Distraught, Orpheus expressed his grief in songs that made the gods themselves weep and he was allowed to enter Tartarus where his lamentations softend even the hearts of Hades and Persephone. They agreed to release Eurydice on a single condition- that Orpheus not look back until they were both safely out of Tartarus.
Did I not say tragedy? Nothing ever goes well in an Opera. Orpheus misinterprets the agreement and when he reaches the land of the living again with Eurydice a step or two behind (totally sexist) he turns back to see how she is doing. Poof. She is now dead dead, no saving throw.
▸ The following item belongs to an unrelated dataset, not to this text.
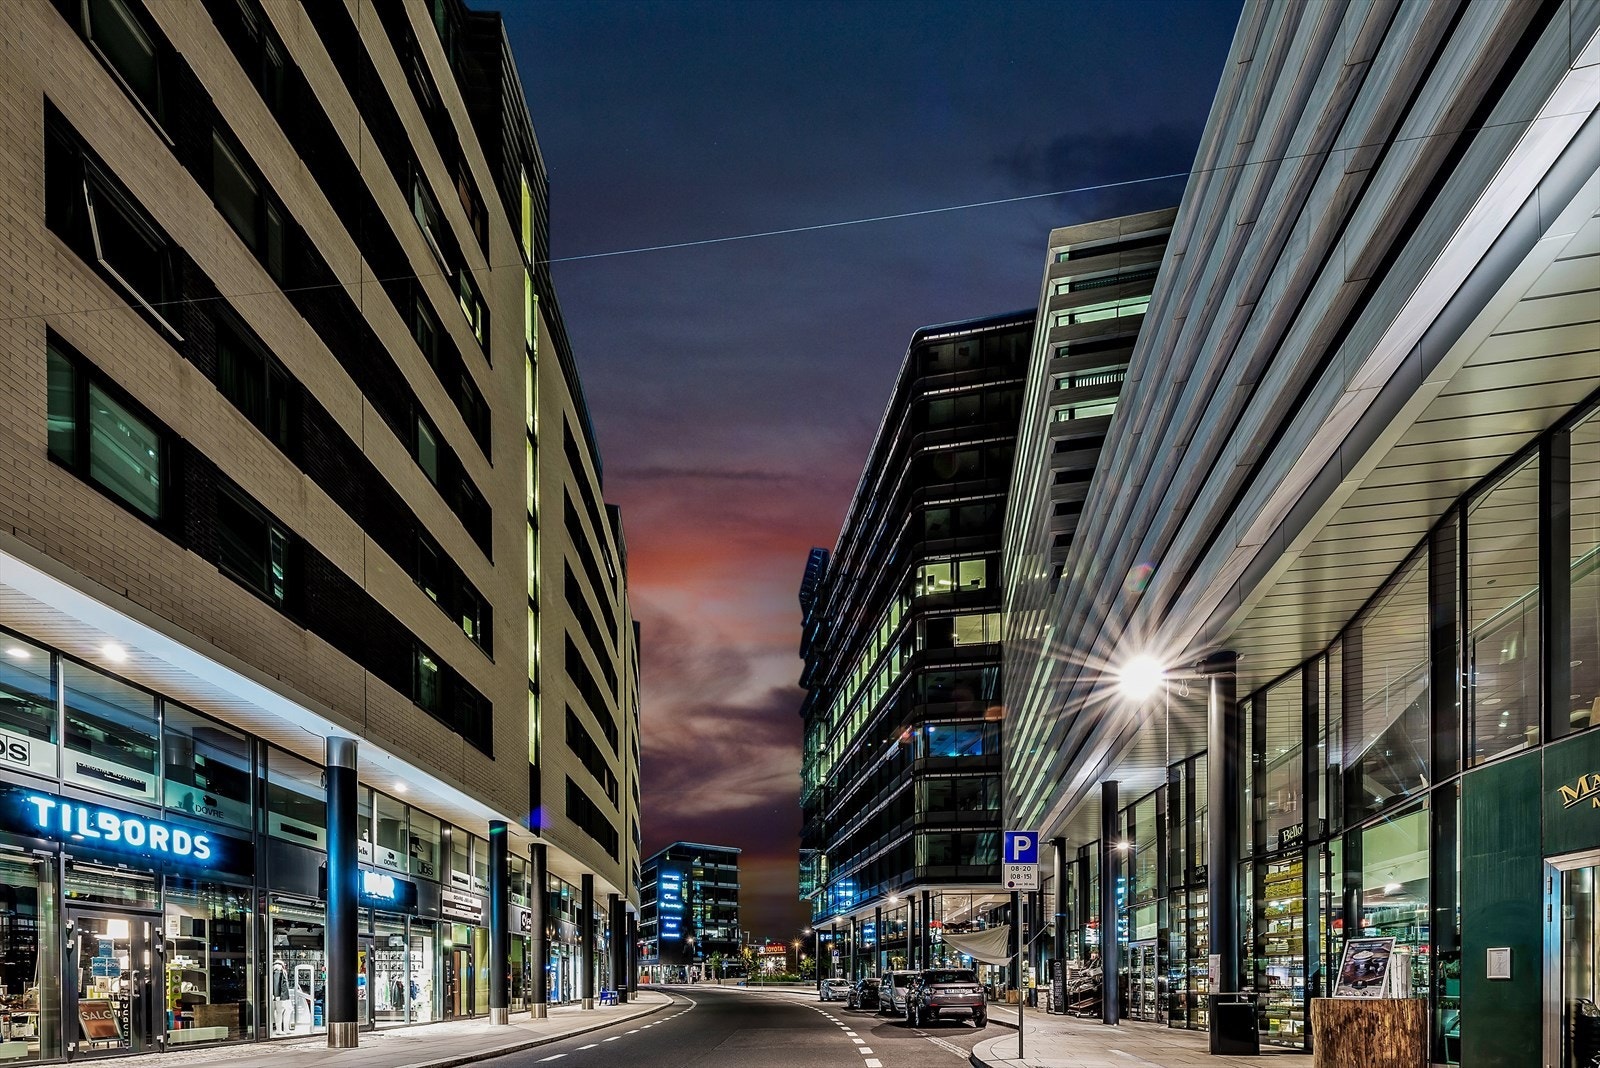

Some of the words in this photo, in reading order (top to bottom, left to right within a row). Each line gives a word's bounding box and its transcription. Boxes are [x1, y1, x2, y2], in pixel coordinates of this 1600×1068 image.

Like a lot of myths and legends you should take this one with a pillar of salt, but you can see why it’s a particularly attractive one for musicians and it is constantly re-visited in that pre-corporatist intellectual property kind of way.
What’s interesting about L’Orfeo is that it’s one of the earliest examples of the ‘classical’ Operatic format that was enormously popular for over 300 years and could be argued persists even today in what we contemporarily call ‘Musicals’.
Monteverdi was right on the cusp of the transition between Renaissance polyphony and Baroque basso continuo. He was a singer, a gambist (an instrument that hardly exists now except in museums), and, oh yeah, a priest.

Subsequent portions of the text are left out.